■ **Assignment**: What you return should be the full listing, word for word, without a single image.

*** Data to examine ***

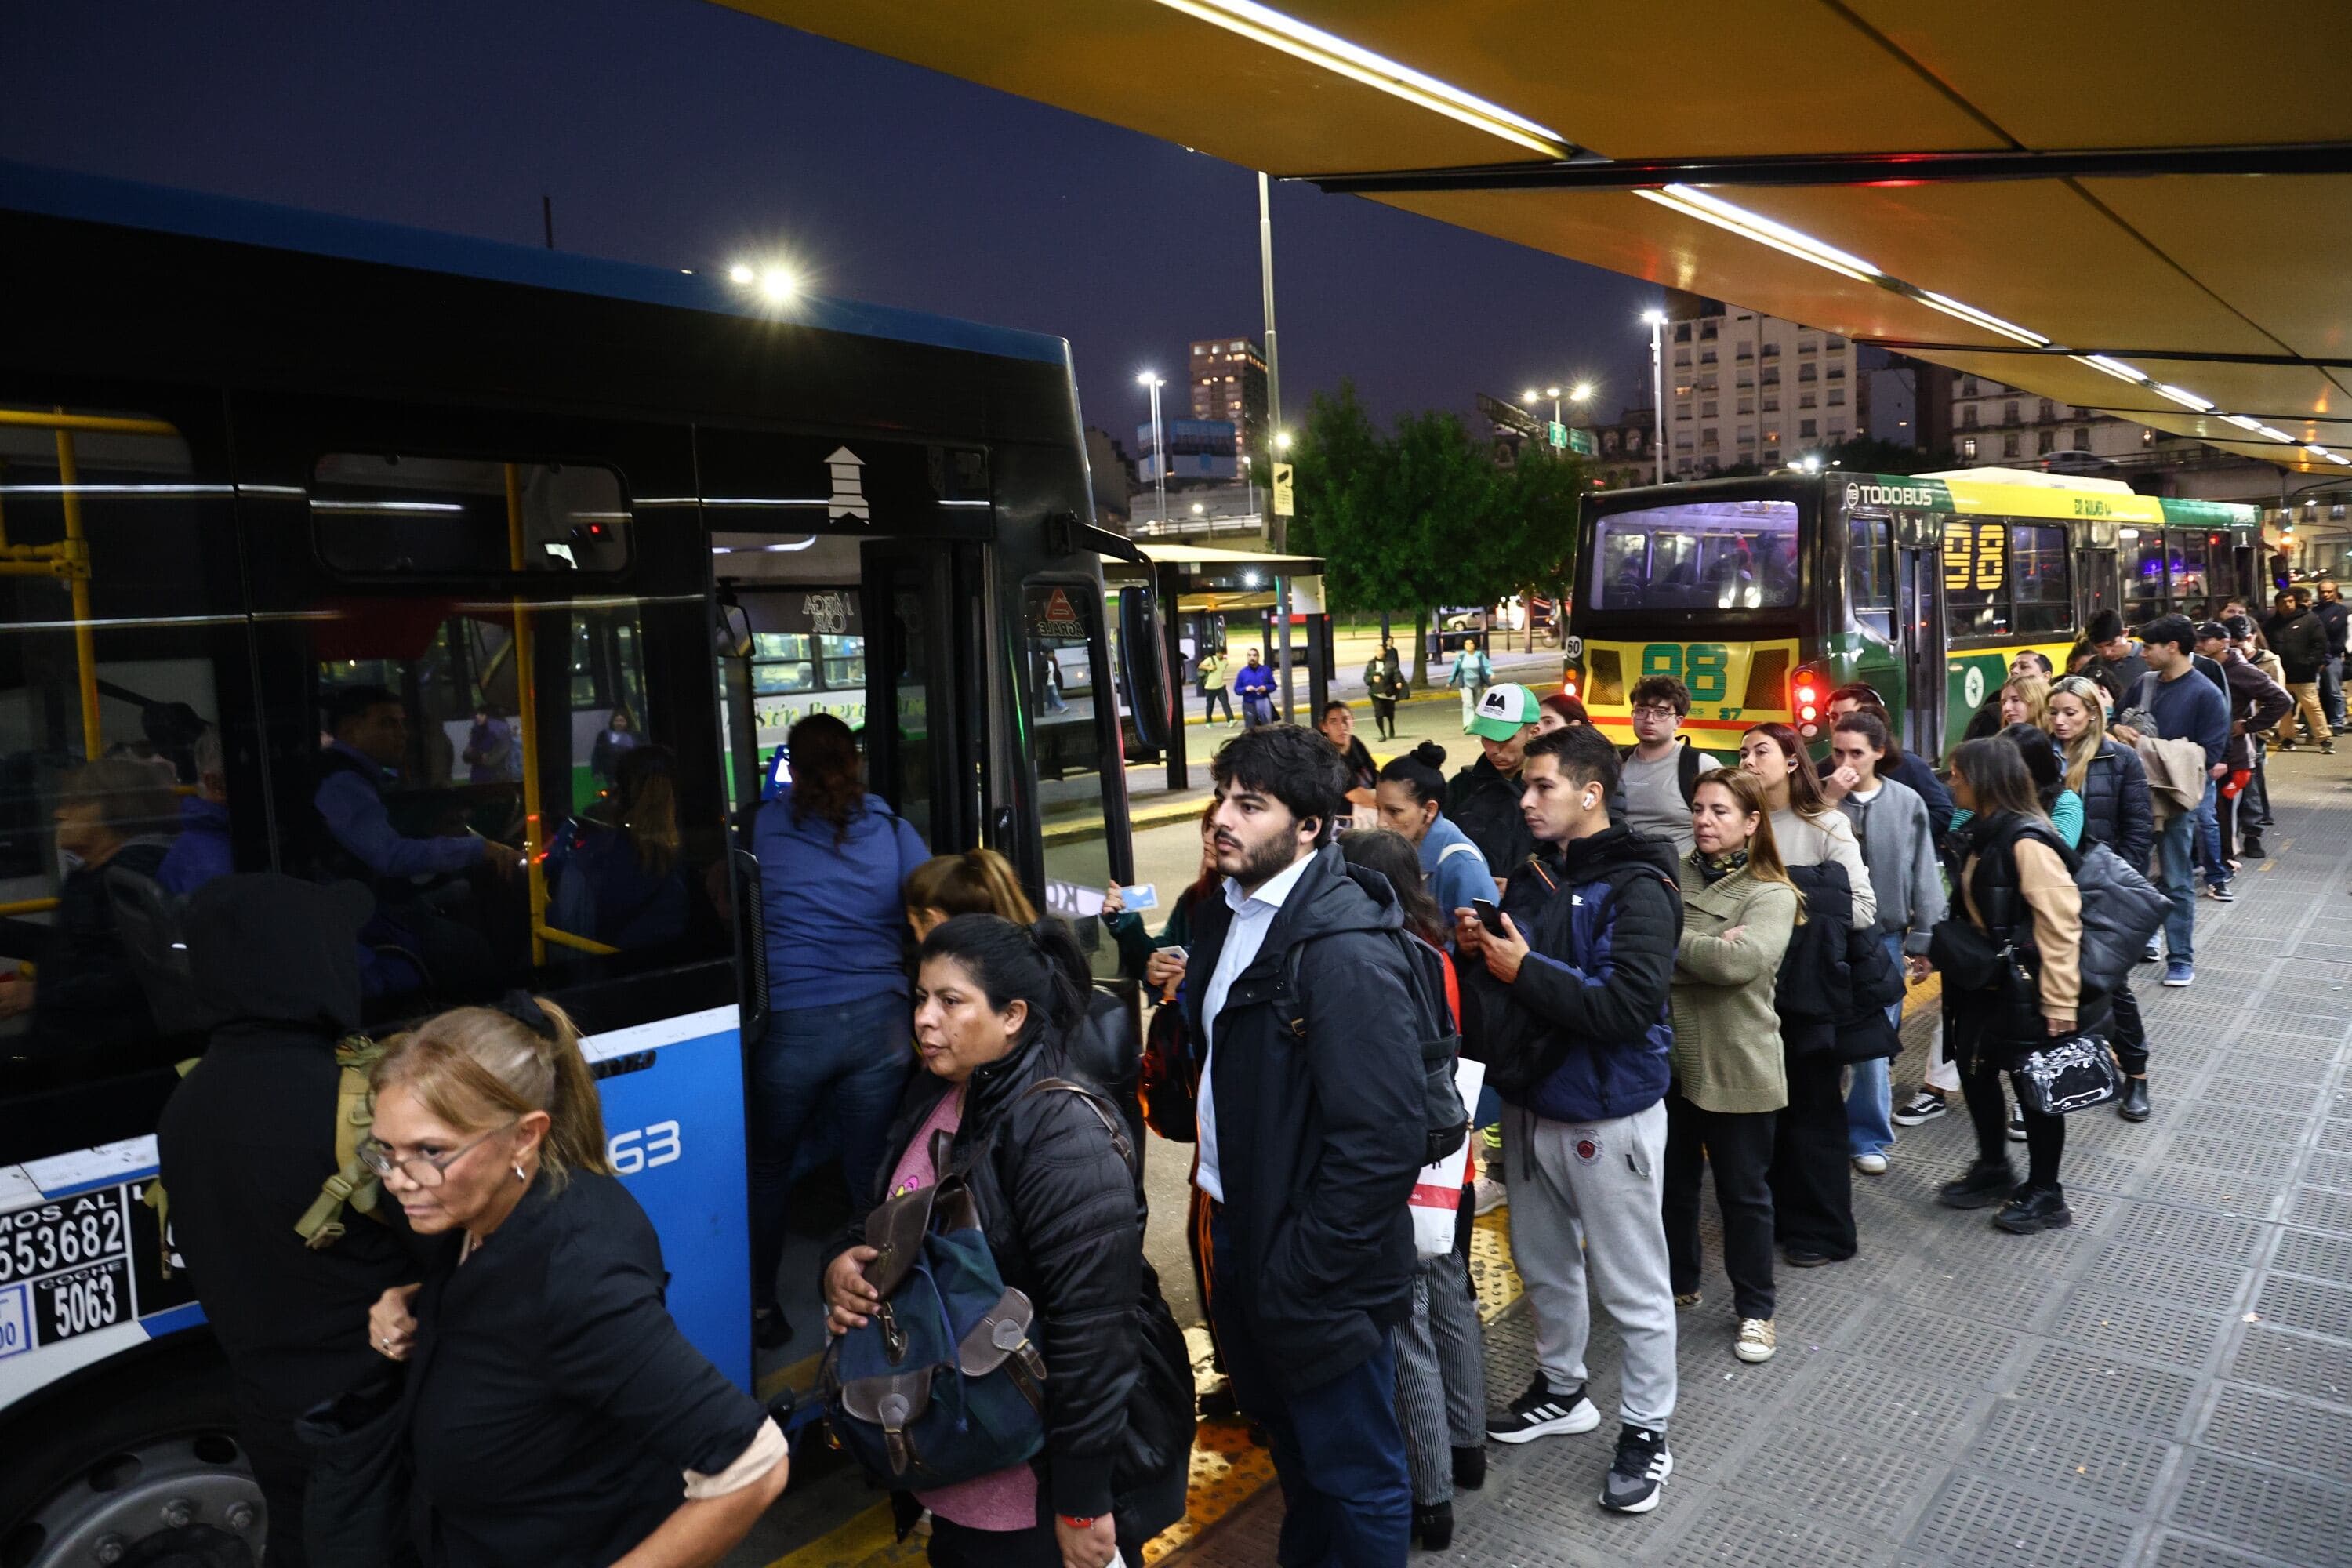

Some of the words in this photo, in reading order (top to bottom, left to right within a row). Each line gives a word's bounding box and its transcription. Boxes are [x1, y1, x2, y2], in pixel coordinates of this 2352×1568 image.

[1860, 485, 1933, 506] TODOBUS
[1944, 524, 2005, 590] 98
[1567, 640, 1580, 654] 60
[1642, 644, 1728, 702] 98
[608, 1120, 681, 1174] 63
[73, 1193, 117, 1215] AL
[39, 1261, 121, 1290] COCHE
[54, 1274, 117, 1338] 5063
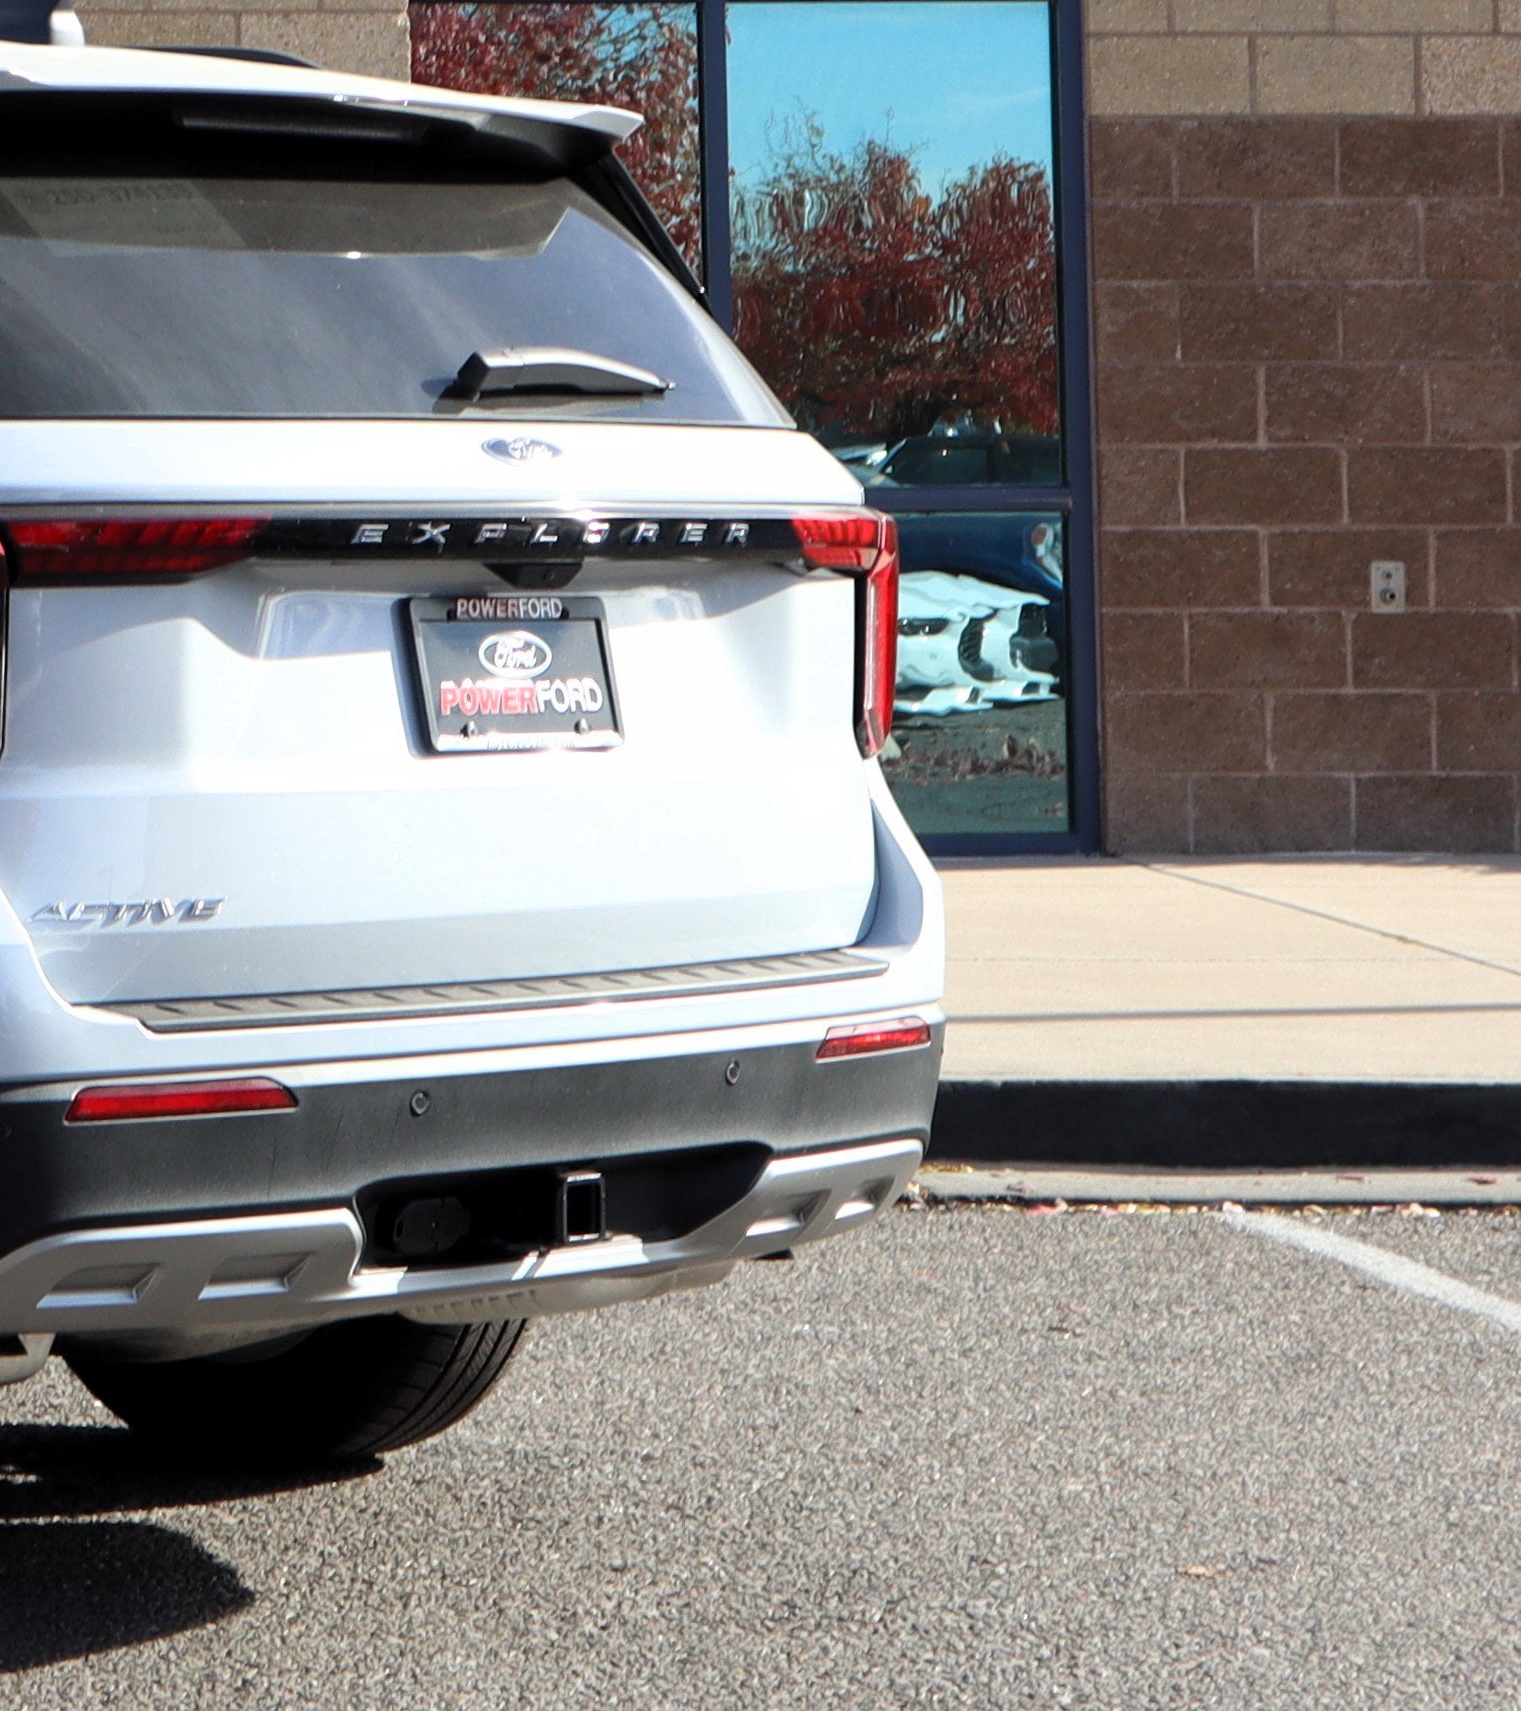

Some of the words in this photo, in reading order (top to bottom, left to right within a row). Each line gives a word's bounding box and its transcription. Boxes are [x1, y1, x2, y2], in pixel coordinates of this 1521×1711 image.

[351, 520, 751, 553] EXPLORER
[456, 597, 563, 620] POWERFORD
[493, 637, 538, 669] Ford
[439, 677, 604, 716] POWERFORD
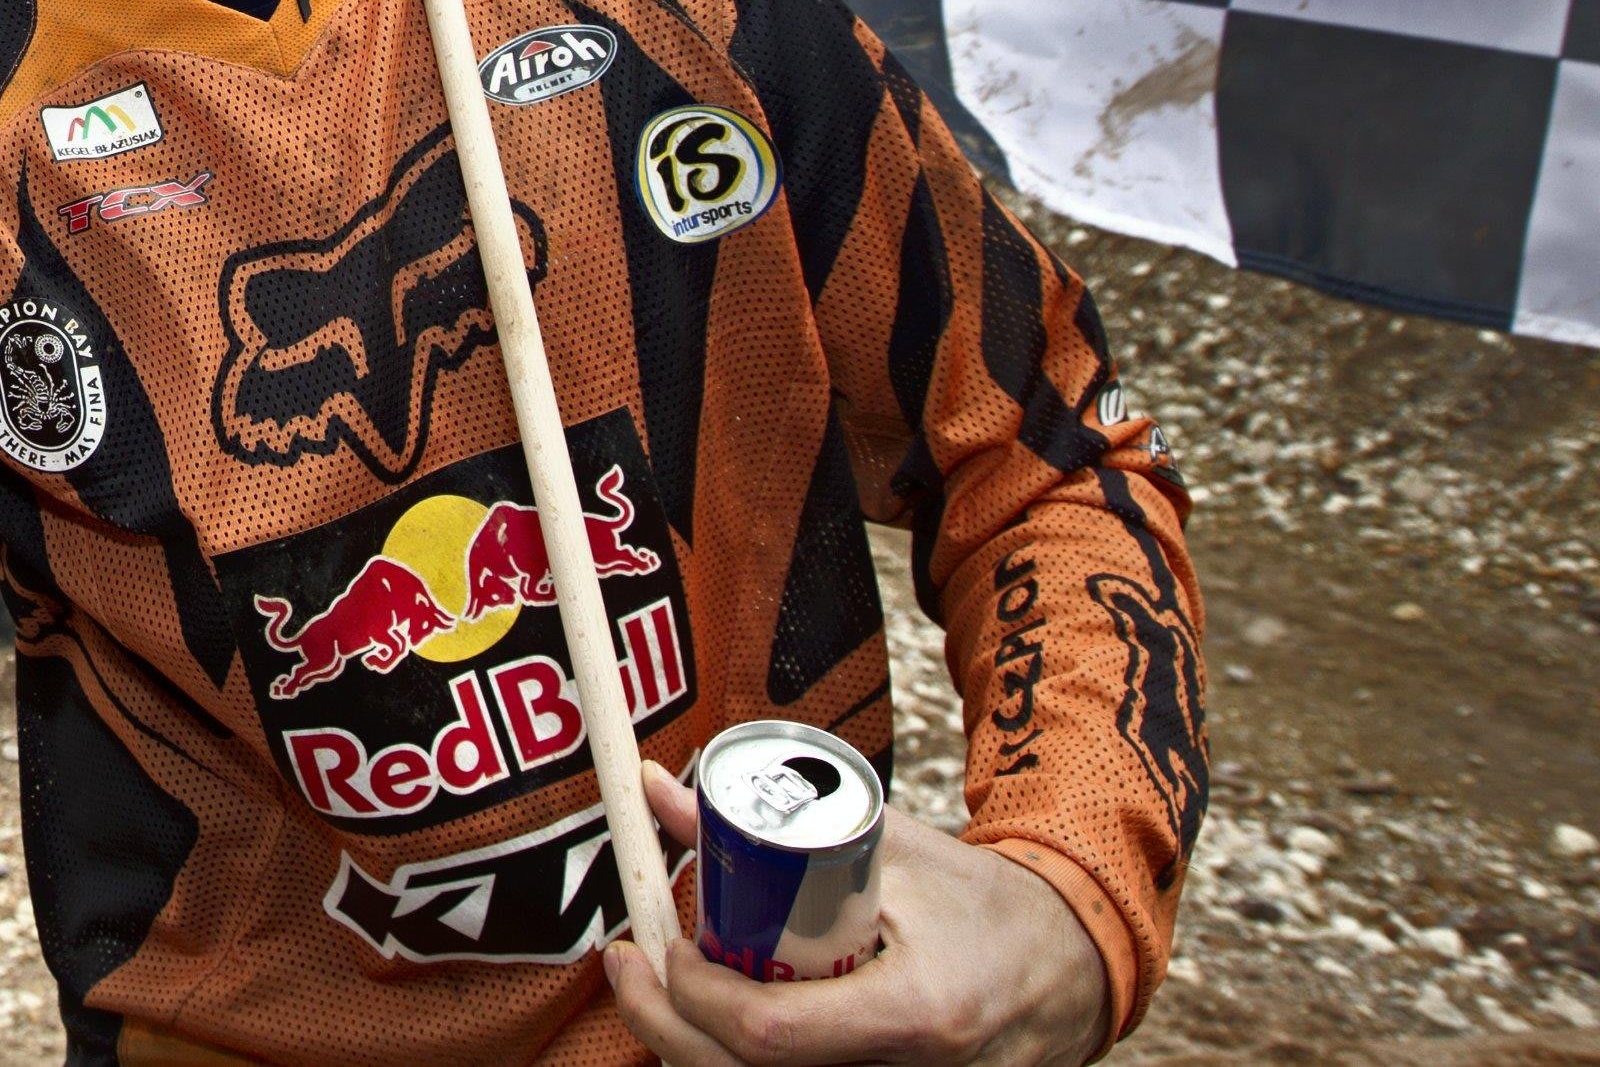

***

■ **Answer space**:
Some of the words in this photo, in reading order (top to bottom, left to right within a row). Each line gives a word's bounding box and its transcription. Boxes are [x1, y1, x2, y2], in pixel coordinates of this 2352×1568 image.

[1860, 485, 1933, 506] TODOBUS
[1944, 524, 2005, 590] 98
[1567, 640, 1580, 654] 60
[1642, 644, 1728, 702] 98
[608, 1120, 681, 1174] 63
[73, 1193, 117, 1215] AL
[39, 1261, 121, 1290] COCHE
[54, 1274, 117, 1338] 5063

Some of the words in this photo, in reading order (top to bottom, left to right within a row). Each line gives a word's bounding box and its transcription. Boxes are [x1, y1, x2, y2], in pixel coordinates of this 1521×1711 image.

[351, 520, 751, 553] EXPLORER
[456, 597, 563, 620] POWERFORD
[493, 637, 538, 669] Ford
[439, 677, 604, 716] POWERFORD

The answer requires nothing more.